In fact, it’s a wisecracking sort of ingredient itself, with a tang like a tart berry, only with a bit of brassy funk. It really needs sweetening -- it’s nearly inedible without some sugar -- and its rowdy flavor benefits from a bit of spice, and brown sugar often goes better with it than white.
There’s a certain challenge to making it the star of a dish. The easy way is to combine it with fruit, one that’s too sweet for its own good. (I’m talking about you, strawberry. In pie, you need rhubarb to save you from your own excessive charm.)
Pairing it with fruit also cuts down on the need for a lot of sugar. Raspberries or pineapple go quite nicely with it, too, and orange and lemon can be good accent flavors.
Our three desserts soundly rise to the rhubarb challenge. Those who poke fun at rhubarb -- or utterly dismiss it -- might be amazed to know it is at the center of each recipe, and surprisingly so.

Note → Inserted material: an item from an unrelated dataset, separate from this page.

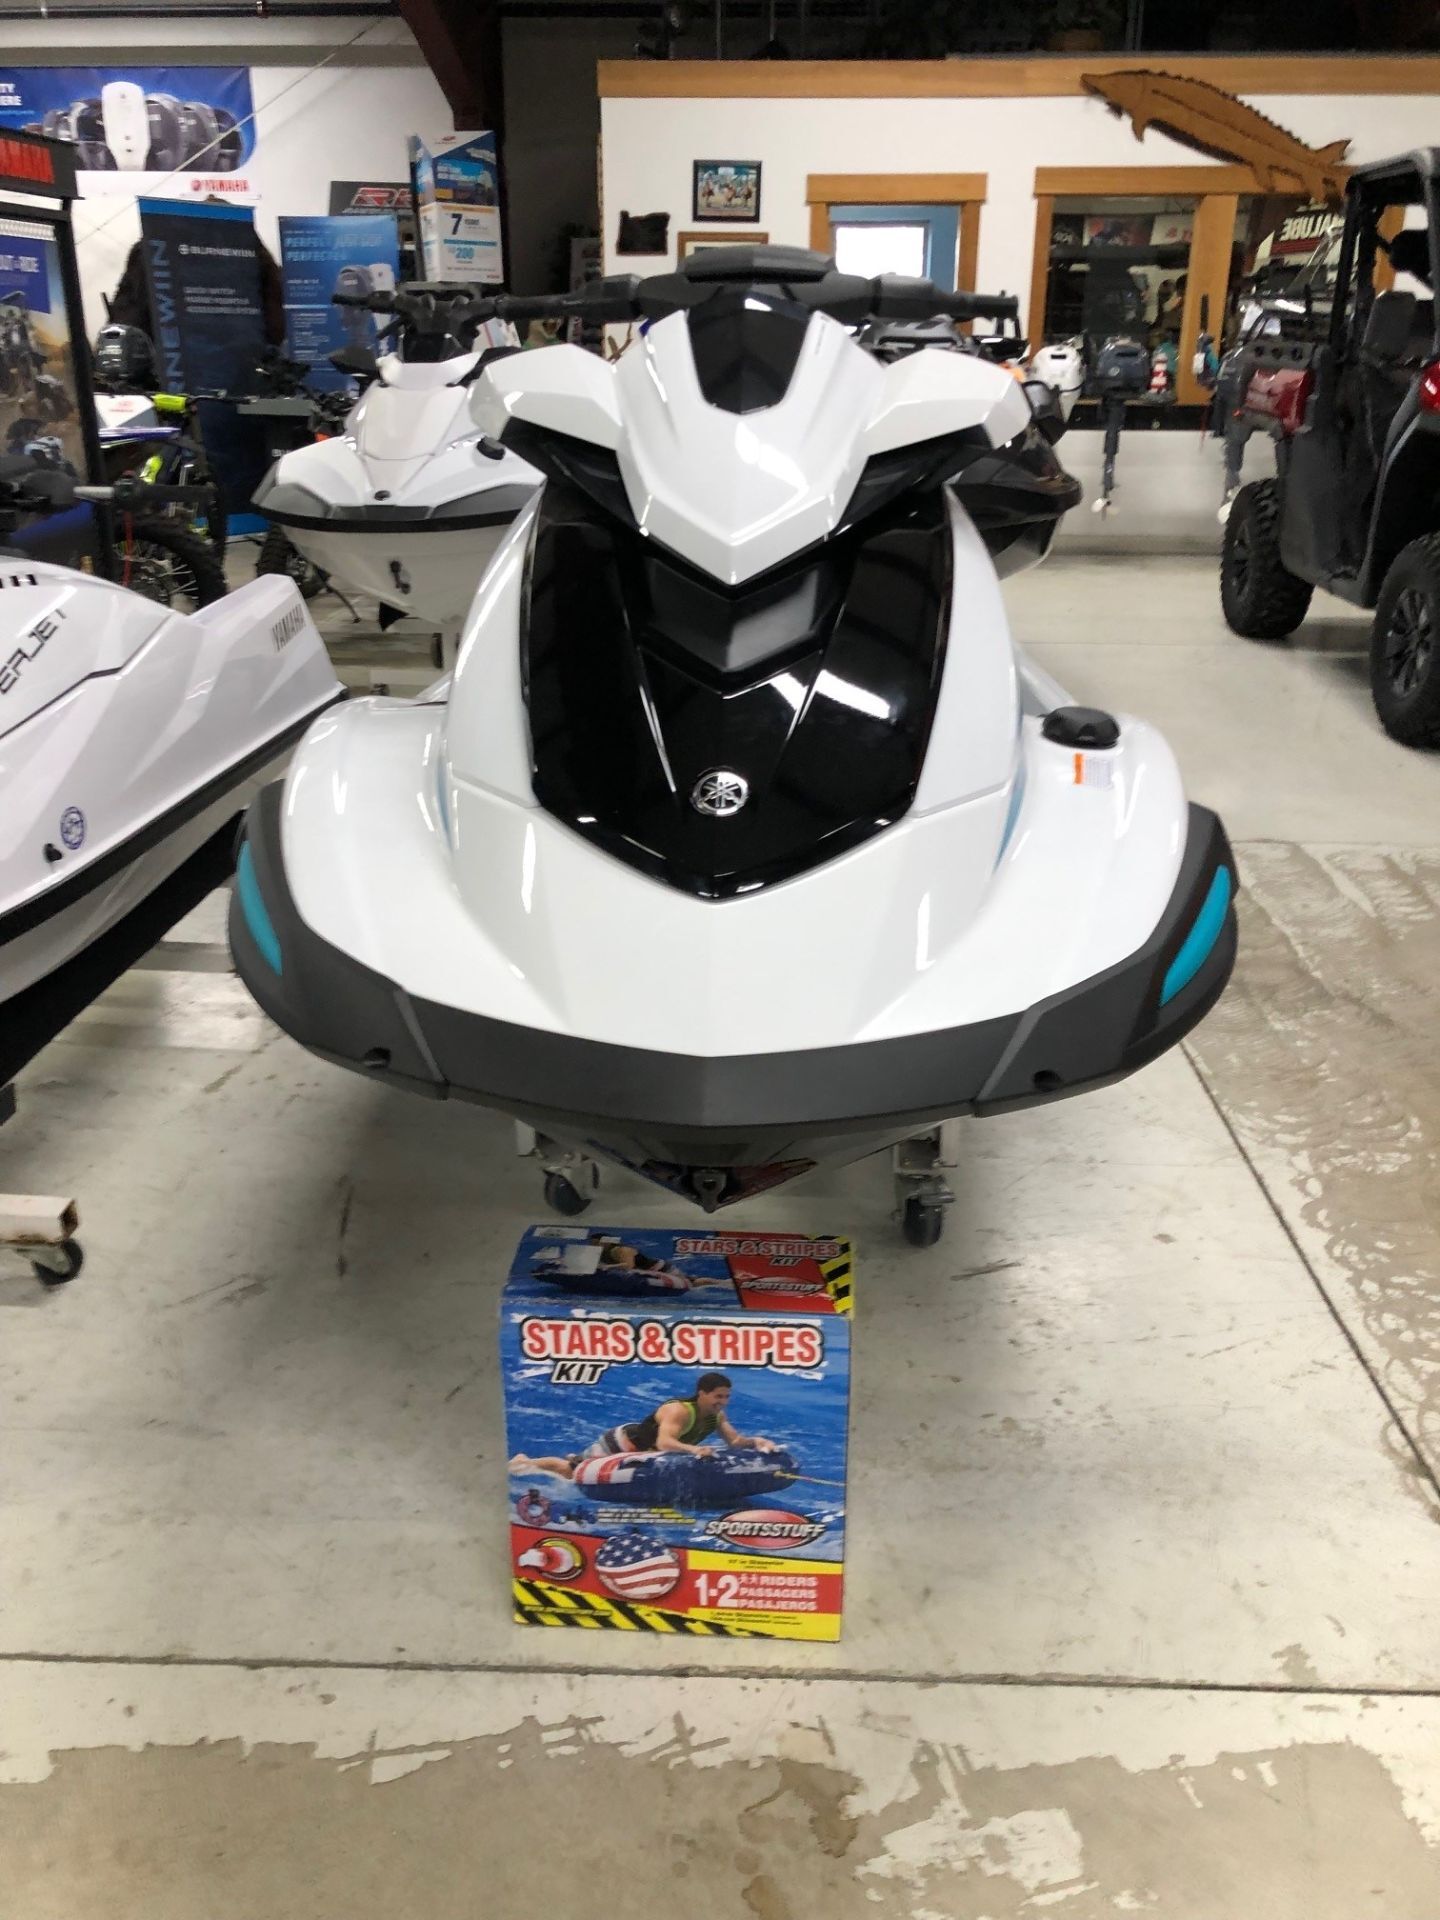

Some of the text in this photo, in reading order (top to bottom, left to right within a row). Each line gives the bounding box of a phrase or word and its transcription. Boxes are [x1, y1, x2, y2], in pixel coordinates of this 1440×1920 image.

For our filled cookies, rhubarb partners with strawberries in a jam that will fool the most vegetable-hating kid. As rhubarb cooks, it loses color, but the strawberries keep things bright. Spreading the jam between two cookies (one with a hole cut from the middle) creates a sort of stained-glass look. The cookies themselves have a touch of cardamom, a spice so right with ground almonds.
Rhubarb goes a different route with our marzipan tarts, where it joins raspberries. The strong almond flavor of the marzipan adds an accent to the sweet-tartness of the fruit, and the sugar in the filling can be increased or decreased according to the fruit’s sweetness.
In our coffeecake, rhubarb goes it alone, but you may not be able to tell. Though the rhubarb adds a bit of tartness, the tender sour cream cake has a sweet crumb topping with a touch of nutmeg. Not too tart, not too sweet -- just right.
In grocery stores, you’ll find two varieties of rhubarb, depending on the time of year: hothouse grown, with light pink stalks and yellow leaves; and field grown, with dark red stalks and green leaves. Field grown will show up soon. Hothouse rhubarb is slightly milder in flavor and a bit less stringy.
In either case, look for crisp, brightly colored stalks (only the stalks can be eaten; the leaves are toxic). Wrapped in plastic, they can be stored in the refrigerator for three to four days.
One of the simplest recipes for rhubarb is a stew of rhubarb, sugar and water cooked just until the rhubarb is tender and forms a sauce. Try it with buttered toast or ice cream as a surprise garnish. You can be sure there’ll be no wisecracks at all.